Activity: Reply with exactly the lines from the one that contains "this 1344×1512 image." through the last line of the records below, and with no other lines.

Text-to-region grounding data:
= Beginning of Section =

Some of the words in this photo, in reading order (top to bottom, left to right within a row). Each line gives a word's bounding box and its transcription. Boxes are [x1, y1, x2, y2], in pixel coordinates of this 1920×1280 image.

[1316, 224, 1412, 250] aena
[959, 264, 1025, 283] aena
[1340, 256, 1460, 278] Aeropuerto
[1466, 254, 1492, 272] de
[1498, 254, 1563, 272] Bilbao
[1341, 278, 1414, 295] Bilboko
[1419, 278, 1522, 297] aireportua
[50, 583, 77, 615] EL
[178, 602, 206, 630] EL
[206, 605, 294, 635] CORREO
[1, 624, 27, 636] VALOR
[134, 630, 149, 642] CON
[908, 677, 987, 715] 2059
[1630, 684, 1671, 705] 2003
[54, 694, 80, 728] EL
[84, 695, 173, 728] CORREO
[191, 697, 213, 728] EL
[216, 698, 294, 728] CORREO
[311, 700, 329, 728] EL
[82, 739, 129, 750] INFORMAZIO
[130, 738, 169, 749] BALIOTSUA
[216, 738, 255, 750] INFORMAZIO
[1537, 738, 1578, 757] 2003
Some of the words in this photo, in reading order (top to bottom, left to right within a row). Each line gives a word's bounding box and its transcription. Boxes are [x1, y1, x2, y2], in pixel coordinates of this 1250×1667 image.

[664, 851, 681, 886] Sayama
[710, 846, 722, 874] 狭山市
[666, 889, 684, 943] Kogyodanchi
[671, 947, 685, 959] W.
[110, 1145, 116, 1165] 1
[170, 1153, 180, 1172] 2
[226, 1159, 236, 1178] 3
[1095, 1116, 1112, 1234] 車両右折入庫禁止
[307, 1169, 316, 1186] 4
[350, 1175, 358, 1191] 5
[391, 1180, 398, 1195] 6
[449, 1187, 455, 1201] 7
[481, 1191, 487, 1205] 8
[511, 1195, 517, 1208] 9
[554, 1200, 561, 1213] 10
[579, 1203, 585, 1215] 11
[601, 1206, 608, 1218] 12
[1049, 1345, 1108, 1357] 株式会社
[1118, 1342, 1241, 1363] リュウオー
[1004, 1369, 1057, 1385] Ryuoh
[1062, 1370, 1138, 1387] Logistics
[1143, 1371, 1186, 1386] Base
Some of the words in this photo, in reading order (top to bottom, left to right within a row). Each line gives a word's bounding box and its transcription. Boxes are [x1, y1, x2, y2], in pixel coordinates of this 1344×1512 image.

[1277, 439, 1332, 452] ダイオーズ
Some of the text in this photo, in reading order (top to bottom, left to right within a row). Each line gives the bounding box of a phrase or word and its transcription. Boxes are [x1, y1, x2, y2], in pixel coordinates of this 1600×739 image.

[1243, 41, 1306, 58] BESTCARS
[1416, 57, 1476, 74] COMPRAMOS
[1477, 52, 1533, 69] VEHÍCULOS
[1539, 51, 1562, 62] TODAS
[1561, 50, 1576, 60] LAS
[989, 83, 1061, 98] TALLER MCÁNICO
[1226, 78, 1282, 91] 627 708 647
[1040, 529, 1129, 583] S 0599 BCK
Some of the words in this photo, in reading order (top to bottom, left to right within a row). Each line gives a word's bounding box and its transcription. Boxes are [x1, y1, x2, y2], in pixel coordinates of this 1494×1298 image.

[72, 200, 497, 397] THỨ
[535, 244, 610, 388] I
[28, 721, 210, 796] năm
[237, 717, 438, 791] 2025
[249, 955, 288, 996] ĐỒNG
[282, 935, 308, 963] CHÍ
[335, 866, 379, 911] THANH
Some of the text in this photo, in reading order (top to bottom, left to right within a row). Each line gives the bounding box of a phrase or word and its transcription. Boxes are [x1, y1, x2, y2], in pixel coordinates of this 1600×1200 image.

= End of Section =

Answer section:
Some of the words in this photo, in reading order (top to bottom, left to right within a row). Each line gives a word's bounding box and its transcription. Boxes are [x1, y1, x2, y2], in pixel coordinates of this 1344×1512 image.

[1277, 439, 1332, 452] ダイオーズ
Some of the text in this photo, in reading order (top to bottom, left to right within a row). Each line gives the bounding box of a phrase or word and its transcription. Boxes are [x1, y1, x2, y2], in pixel coordinates of this 1600×739 image.

[1243, 41, 1306, 58] BESTCARS
[1416, 57, 1476, 74] COMPRAMOS
[1477, 52, 1533, 69] VEHÍCULOS
[1539, 51, 1562, 62] TODAS
[1561, 50, 1576, 60] LAS
[989, 83, 1061, 98] TALLER MCÁNICO
[1226, 78, 1282, 91] 627 708 647
[1040, 529, 1129, 583] S 0599 BCK
Some of the words in this photo, in reading order (top to bottom, left to right within a row). Each line gives a word's bounding box and its transcription. Boxes are [x1, y1, x2, y2], in pixel coordinates of this 1494×1298 image.

[72, 200, 497, 397] THỨ
[535, 244, 610, 388] I
[28, 721, 210, 796] năm
[237, 717, 438, 791] 2025
[249, 955, 288, 996] ĐỒNG
[282, 935, 308, 963] CHÍ
[335, 866, 379, 911] THANH
Some of the text in this photo, in reading order (top to bottom, left to right within a row). Each line gives the bounding box of a phrase or word and its transcription. Boxes are [x1, y1, x2, y2], in pixel coordinates of this 1600×1200 image.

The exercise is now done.